I begin walking out of the interrogation room with a plan already in mind. I start to search for Bethany, my partner of the last eight years.  On the way I run into Bethany’s boyfriend Logan, which she has not told the department about because they would force one of them to transfer.  “Hey Logan, do you know where Bethany is?”

“Yeah, I was just with her in the break room.  Man, I am so sorry to hear about your family.  I want you to know I am in charge of this case and am going to do everything in my power to bring these bastards to justice.”

“Thanks.”  Normally I am friendlier, but I am in search of Bethany, she is my answer to everything right now.  I walk off past the elevators, which are making that body cringe dinging noise for every floor, then into the break room, where I catch Bethany’s eye.  She motions me out then joins me.  She gives me one of those I don’t know what to say hugs.

She is not allowed to work on this case since she is Emma’s godmother, but since Logan is working on it, she can find things out.  “Bethany, I need you to use your connection with Logan and keep me informed on any leads you may find in the investigation.”     

“Brad, you know I will do anything for you, but what you are asking me may cost me my job.  I can’t even imagine what you are going through right now, but you need to think about what you are asking me to do.”

 “I couldn’t care less, Bethany.  I know this is highly unethical, but this is my family we are talking about.  I need to know what is going on.  Is there at least something you can tell me, something small, or just anything?”

She grabs my arm and pulls me away from everybody past the desks and ringing phones to a small quiet place in the corner, “Now what I’m going to tell you is probably going to send you more over the edge, but I just talked to Logan and he said he got the medical examiners report back, and there are signs of sexual assault on both Tara and Emma.  The Medical Examiner says there were three assailants.  They were able to find fingerprints in your house and we are running those as we speak.  Hopefully this is not these idiots first offense and their fingerprints will actually be in the system.  I want to help you more, but you know I can’t tell you the names of those guys if they get a hit on the prints.”  She starts looking around, and then reaches out to hand me a manila folder that has all of the reports.

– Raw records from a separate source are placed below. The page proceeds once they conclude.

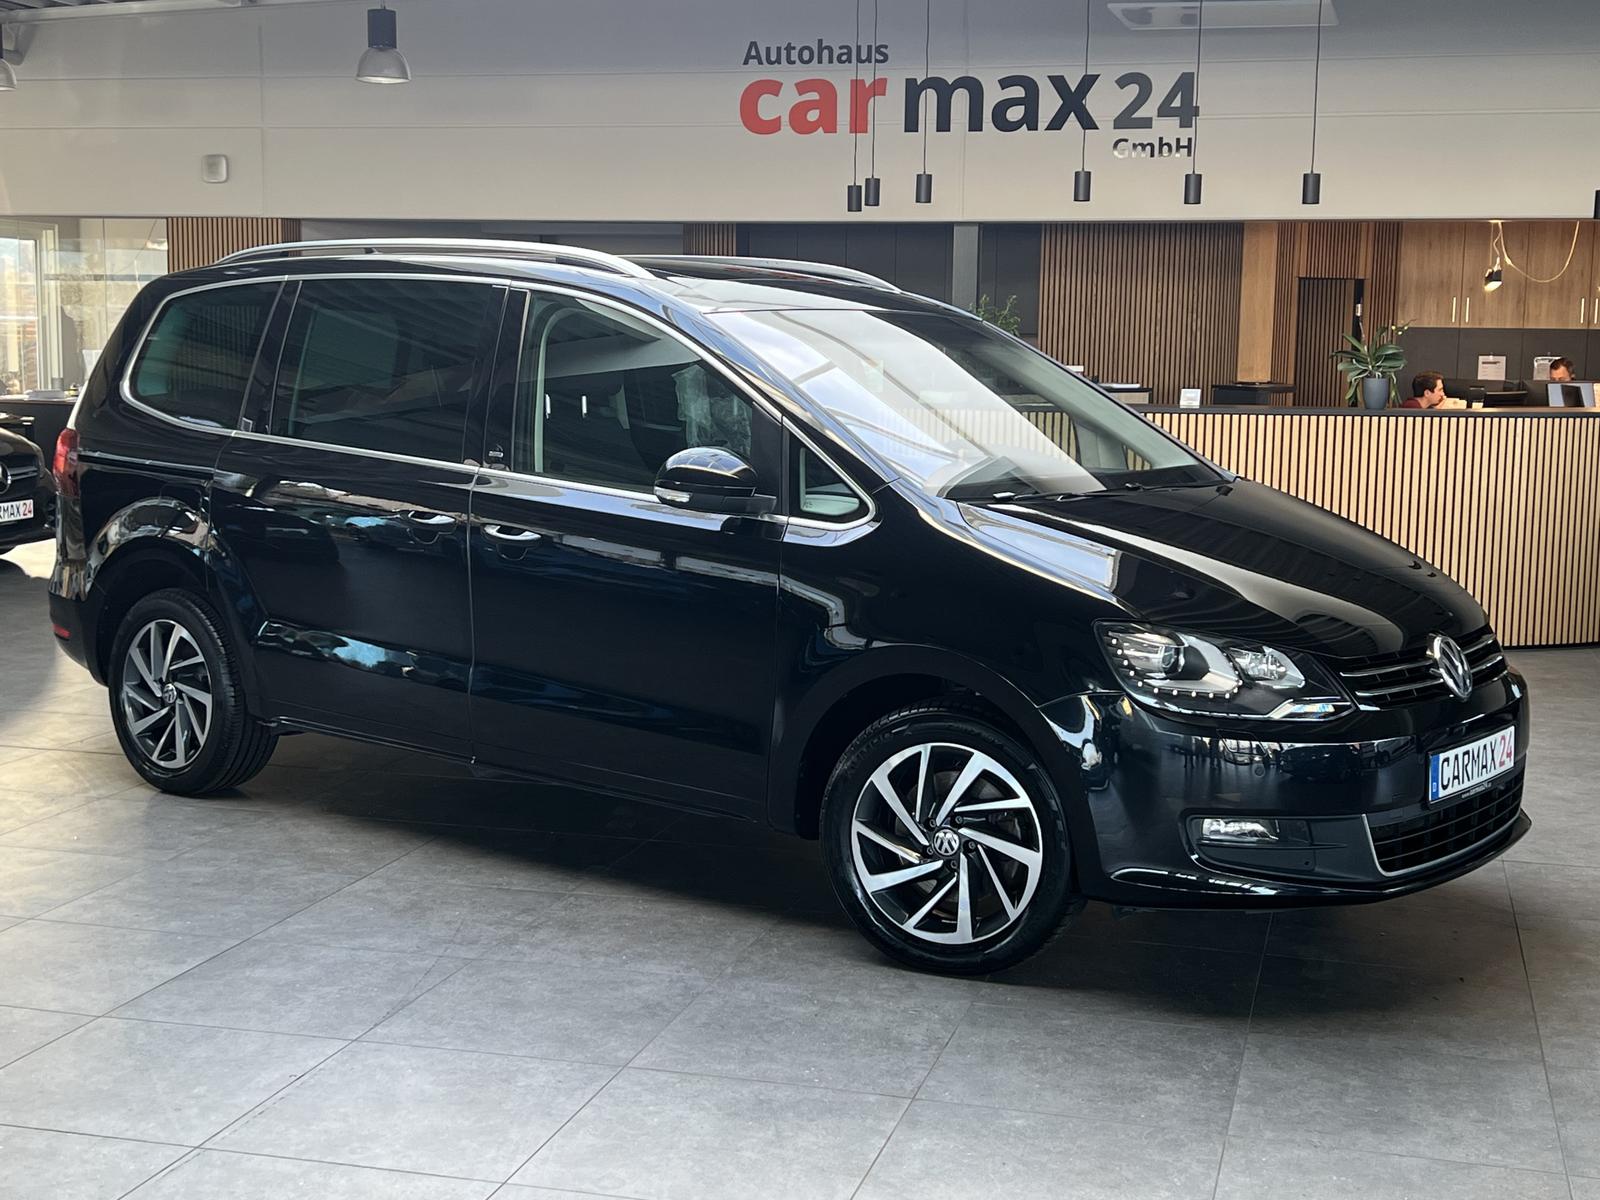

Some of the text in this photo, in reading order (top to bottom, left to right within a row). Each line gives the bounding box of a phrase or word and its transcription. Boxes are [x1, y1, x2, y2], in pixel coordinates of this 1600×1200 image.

[742, 38, 889, 66] Autohaus
[1113, 72, 1200, 129] 24
[1113, 137, 1193, 159] GmbH
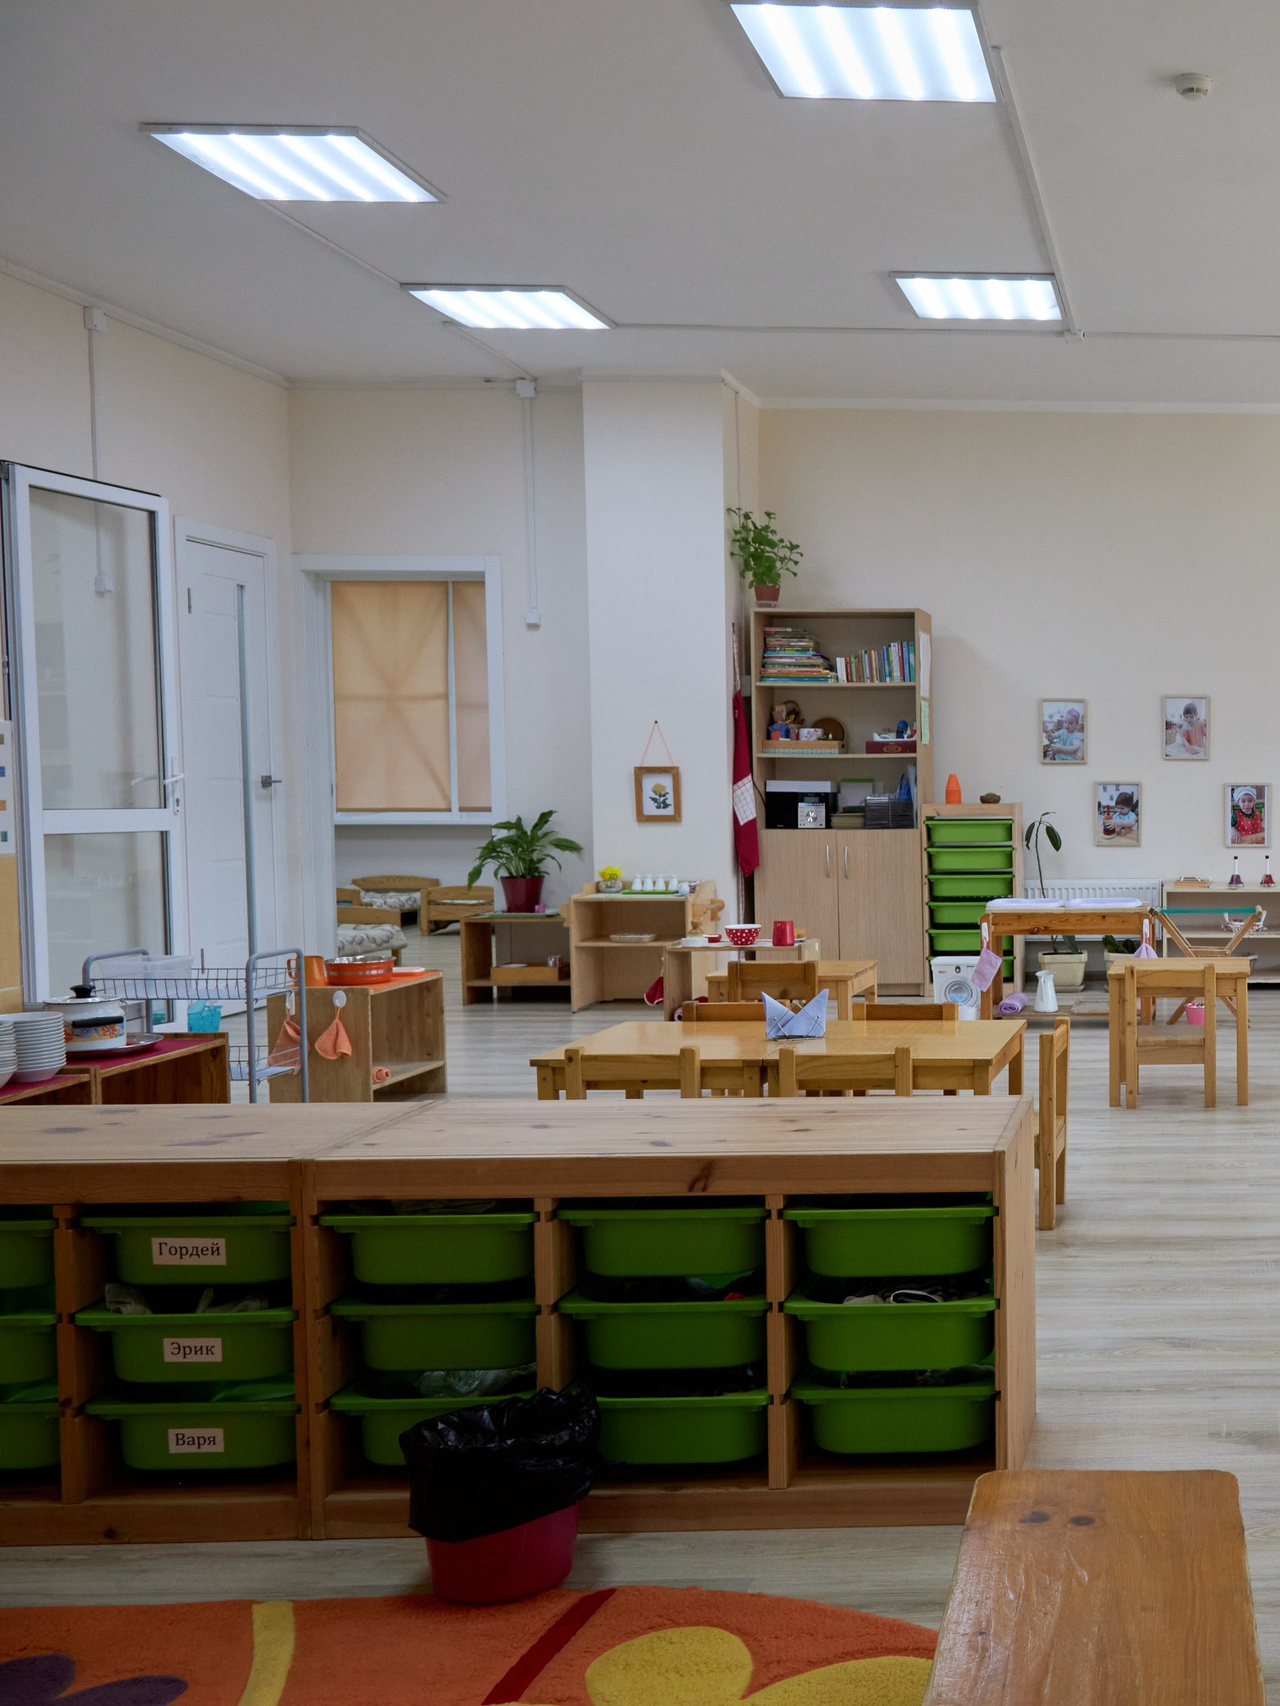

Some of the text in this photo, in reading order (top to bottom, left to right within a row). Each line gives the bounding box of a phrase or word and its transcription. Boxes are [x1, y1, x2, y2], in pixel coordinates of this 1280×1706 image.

[158, 1242, 221, 1260] Гордей
[170, 1341, 215, 1359] Эрик
[175, 1432, 217, 1450] Варя
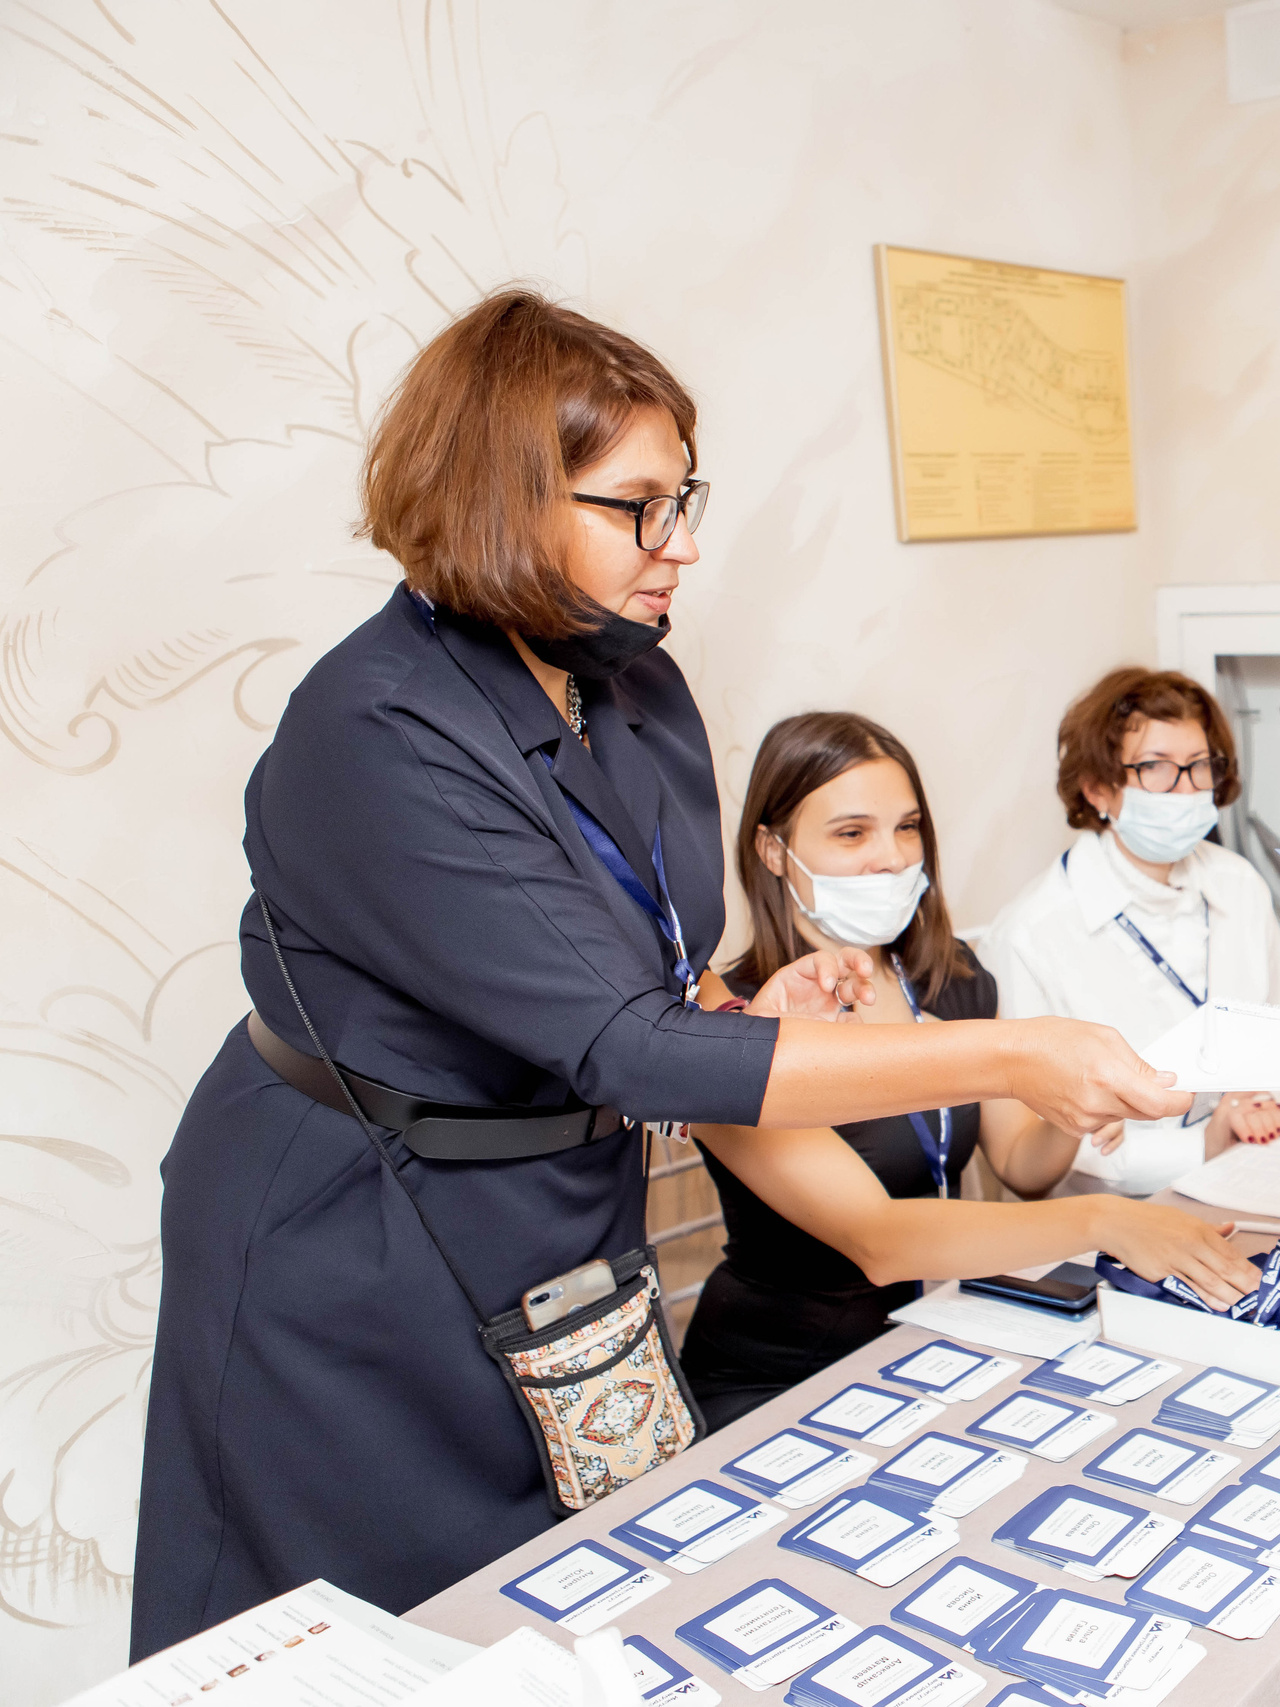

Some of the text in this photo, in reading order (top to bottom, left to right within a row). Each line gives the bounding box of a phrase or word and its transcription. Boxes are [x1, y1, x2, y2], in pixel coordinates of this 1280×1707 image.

[1132, 1448, 1157, 1467] Иванова
[1144, 1453, 1164, 1467] Ирина
[674, 1504, 715, 1528] Александр
[1259, 1506, 1280, 1521] Елена
[839, 1515, 877, 1539] Сидорова
[854, 1523, 879, 1538] Елена
[1080, 1520, 1100, 1536] Ольга
[901, 1537, 926, 1553] Институт
[557, 1568, 584, 1583] Юдин
[561, 1570, 594, 1589] Андрей
[1177, 1562, 1213, 1590] Васильева
[1194, 1571, 1217, 1589] Олеся
[596, 1582, 630, 1604] внутренних
[607, 1584, 636, 1602] Институт
[945, 1586, 975, 1608] Лисова
[957, 1592, 982, 1611] Ирина
[1248, 1587, 1268, 1604] Институт
[564, 1603, 597, 1624] аудиторов
[742, 1608, 793, 1637] Константин
[797, 1632, 826, 1649] Институт
[1078, 1624, 1099, 1643] Ольга
[753, 1629, 820, 1669] внутренних аудиторов
[1141, 1633, 1159, 1654] Институт
[1113, 1632, 1150, 1681] внутренних аудиторов
[851, 1656, 889, 1680] Матвеев
[856, 1658, 901, 1688] Александр
[905, 1678, 938, 1701] внутренних
[916, 1681, 944, 1700] Институт
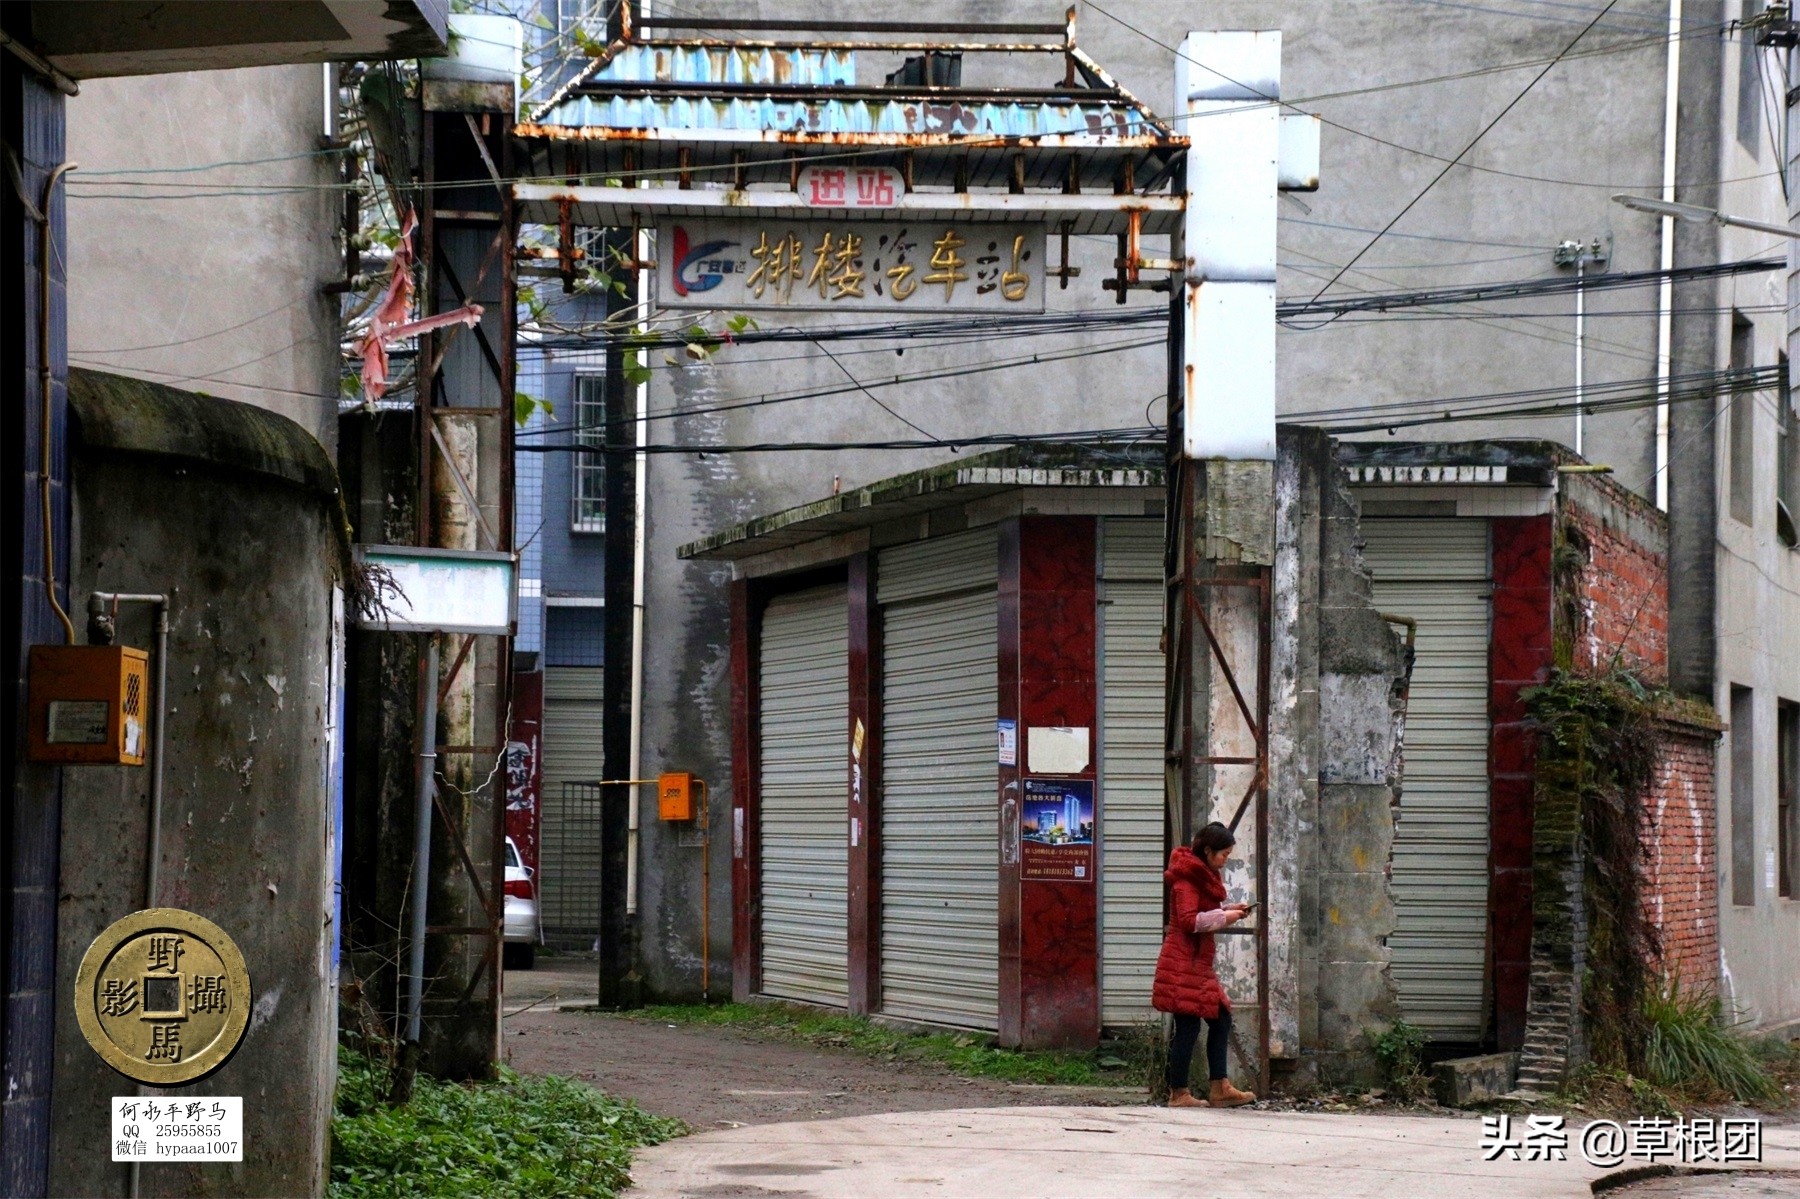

I look down and whisper, “thank you,” put the folder in my jacket and walk out of the station house, all the while knowing I will find out who those men were and I am going to hunt them down myself.  Prison is not punishment enough for them.  Prison is not torture, so therefore the punishment is not enough.  I will take care of that.    

***

The clock now says 11:30, can that be right?  I hear more footsteps coming down the long hallway getting louder and louder, this time I know it is the prison commissioner coming to get me for my execution.  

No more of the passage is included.